Records shown =>
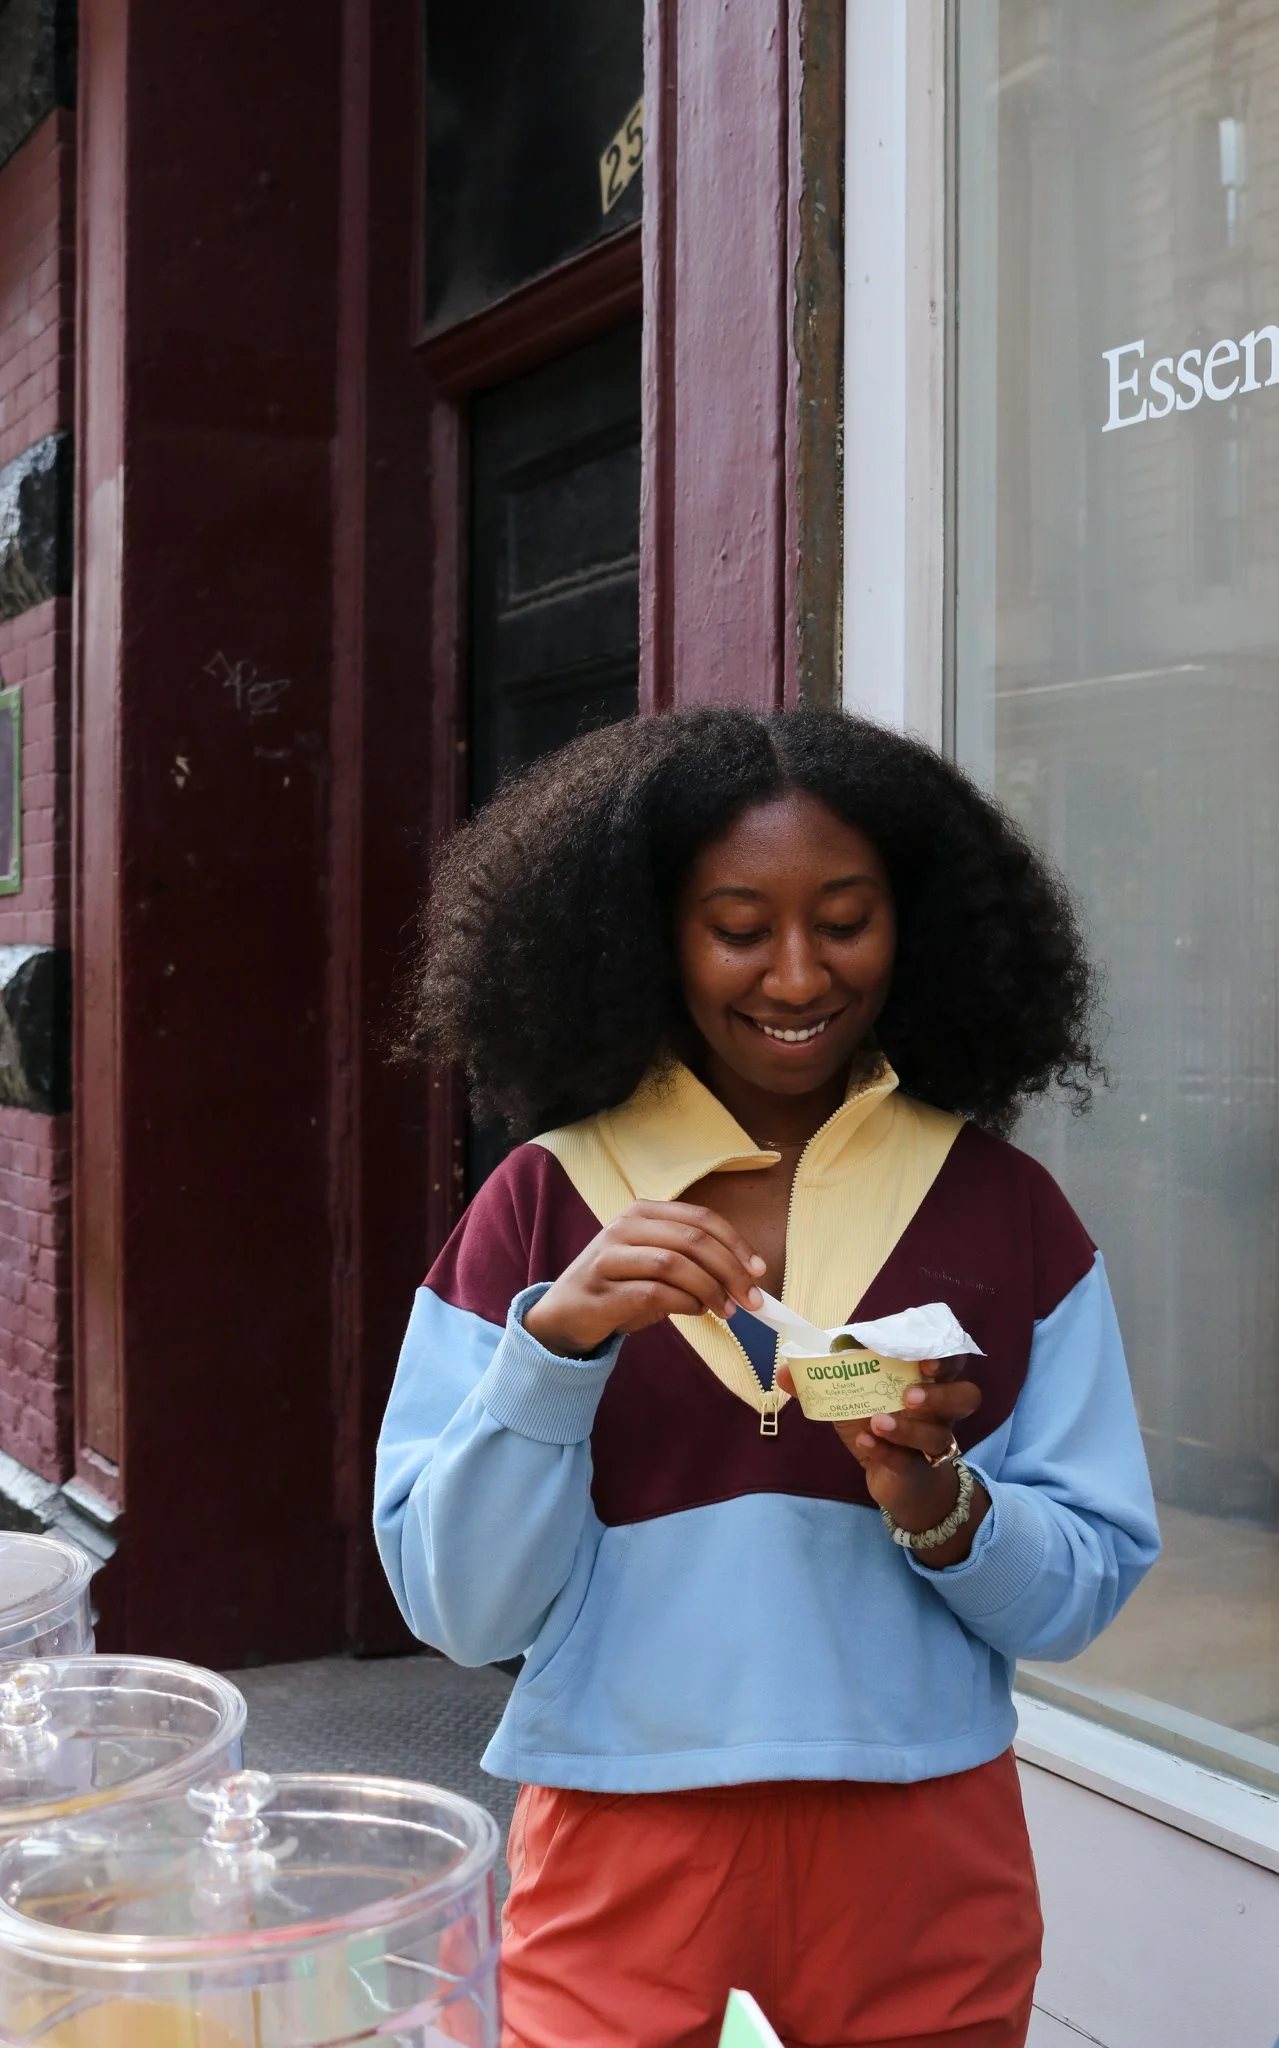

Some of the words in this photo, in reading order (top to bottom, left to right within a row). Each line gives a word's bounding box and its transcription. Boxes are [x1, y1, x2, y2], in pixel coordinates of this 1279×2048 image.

[606, 107, 643, 206] 25
[1101, 324, 1279, 433] Essen
[806, 1358, 881, 1381] cocojune
[819, 1410, 850, 1418] CULTURED
[851, 1405, 887, 1417] COCONUT
[829, 1401, 871, 1412] ORGANIC

Exercise details =>
The data above must be written out again word for word, without its pictures.

Finished exercise =>
Some of the words in this photo, in reading order (top to bottom, left to right within a row). Each line gives a word's bounding box and its transcription. Boxes are [x1, y1, x2, y2], in pixel coordinates of this 1279×2048 image.

[606, 107, 643, 206] 25
[1101, 324, 1279, 433] Essen
[806, 1358, 881, 1381] cocojune
[819, 1410, 850, 1418] CULTURED
[851, 1405, 887, 1417] COCONUT
[829, 1401, 871, 1412] ORGANIC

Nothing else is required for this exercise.